Aracely tenía 17 años la primera vez que intentó cruzar la frontera. En Ciudad Juárez, Chihuahua, fue privada de su libertad por el “pollero” que, en lugar de ayudarla a cruzar la frontera, la mantuvo cautiva.
Durante cuatro meses fue víctima de violaciones tumultuarias. Cuando pudo escapar de ese infierno, regresó a Izúcar de Matamoros, Puebla. Sin embargo, ese delito contra Aracely nunca se reportó. Y es que, hasta hace algunos años, cuando los migrantes se iban de sus pueblos, podían pasar meses sin comunicarse con sus familias; era algo “normal”. Sólo meses o incluso años después se daban cuenta de que habían desaparecido para siempre.

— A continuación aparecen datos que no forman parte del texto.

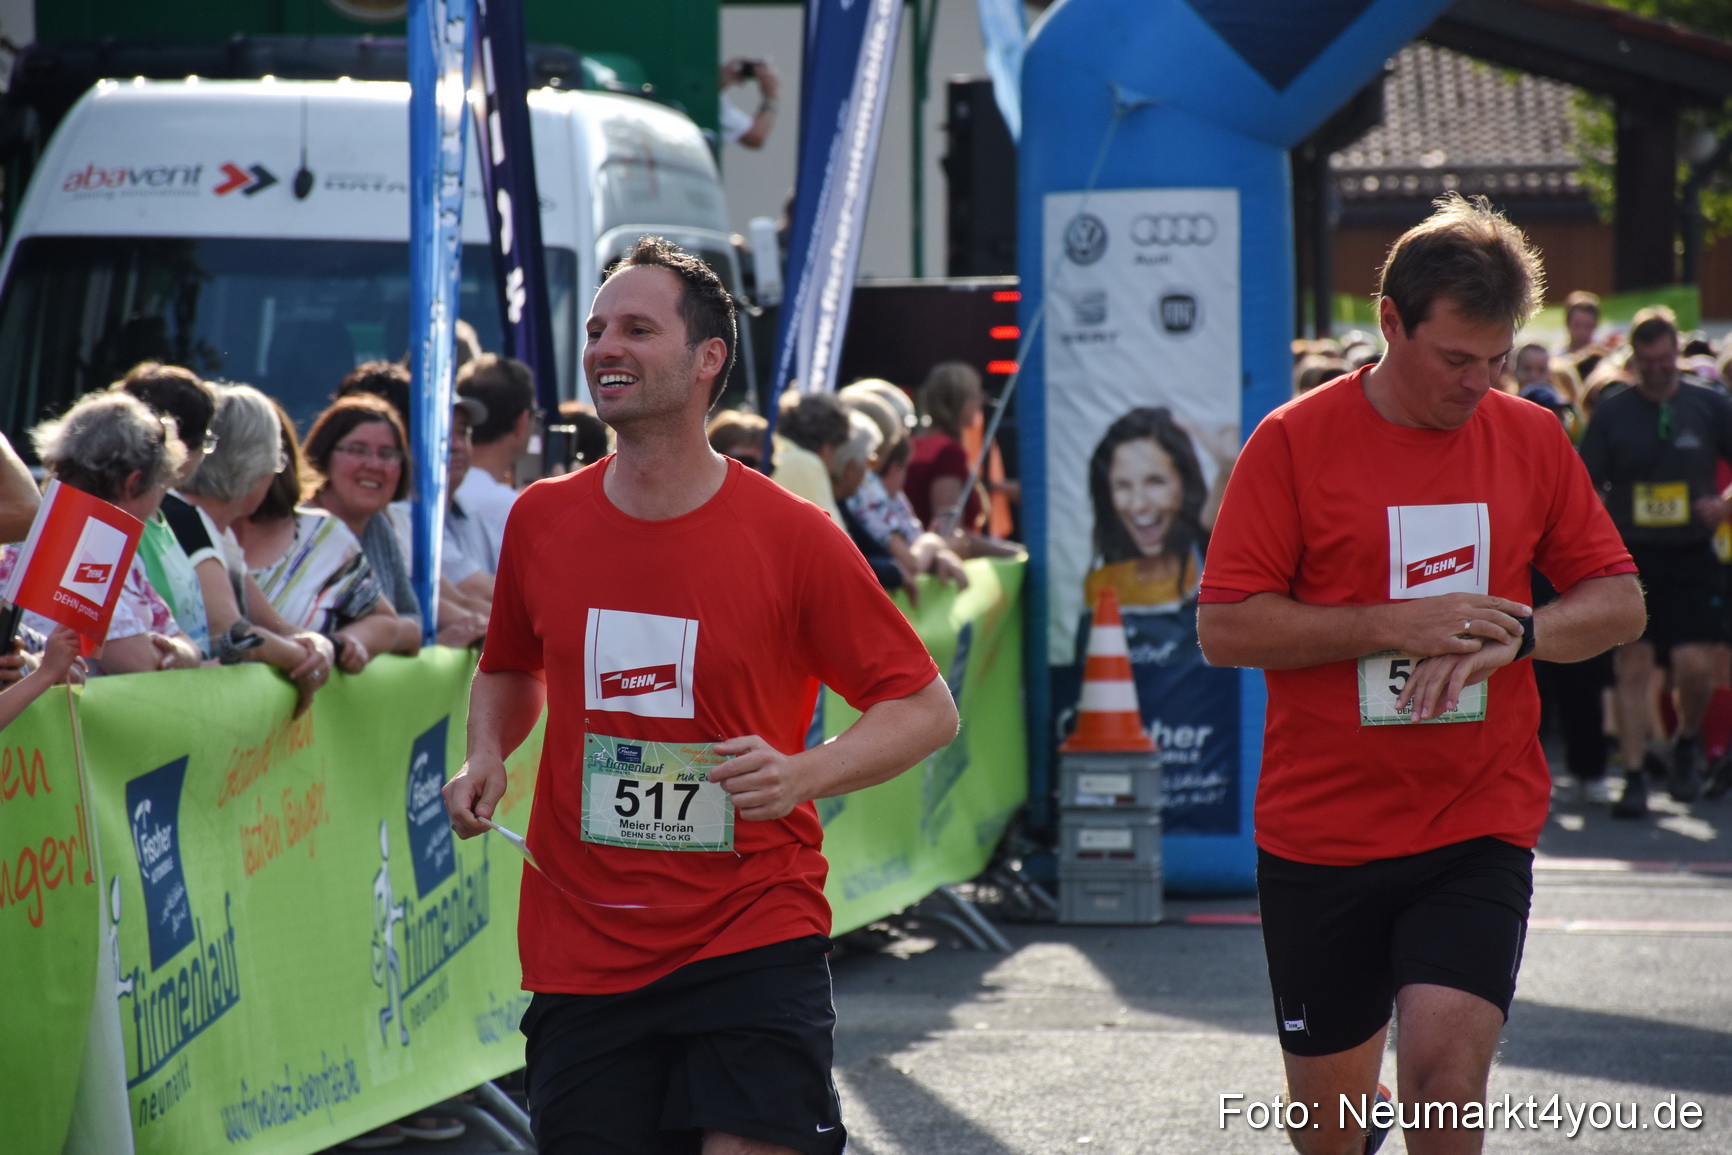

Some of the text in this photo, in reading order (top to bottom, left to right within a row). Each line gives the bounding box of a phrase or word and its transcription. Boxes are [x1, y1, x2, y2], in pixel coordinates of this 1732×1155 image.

[63, 162, 204, 191] abavent
[1424, 557, 1457, 576] DEHN
[53, 590, 80, 609] DEHN
[621, 673, 656, 689] DEHN
[606, 758, 664, 774] firmenlauf
[676, 772, 695, 782] run
[614, 778, 700, 821] 517
[619, 819, 694, 833] Meier Florian
[621, 831, 643, 839] DEHN
[646, 832, 656, 840] SE
[140, 822, 172, 868] Fischer
[133, 891, 240, 1077] firmenlauf
[138, 1052, 192, 1128] neumarkt

Actualmente, estas situaciones son reportadas por colectivos como “Voz de los desaparecidos en Puebla”, que encabeza María Luisa Núñez. Ella misma desconoce el paradero de su hijo, Juan de Dios Núñez (23 años), desde la noche del 28 de abril de 2017.
Desde entonces, María ha contado mil veces la historia: Juan la llamó por teléfono, avisándole que cambiaría su trayecto a casa porque un retén le cerró el paso a su comunidad, Tehuitzo, en Palmar de Bravo; esa fue la última vez que supo de su hijo.
La escucho con atención y le pregunto: “¿Cómo estás tú?”. Tres minutos de silencio antecedieron a sus lágrimas ahogadas, para decirme que su vida desapareció con la de su hijo, que su corazón está congelado, que el cuerpo a veces se le paraliza, que le arrancaron el alma, que le quitaron la vida y que no tolera que le digan que la vida debe continuar.
Me cuenta que nunca tuvo un duelo y que nunca había reflexionado sobre cómo está ella; que nunca volverá a ser la misma mujer que era antes de la desaparición de Juan y que está consciente de que nadie la puede rescatar.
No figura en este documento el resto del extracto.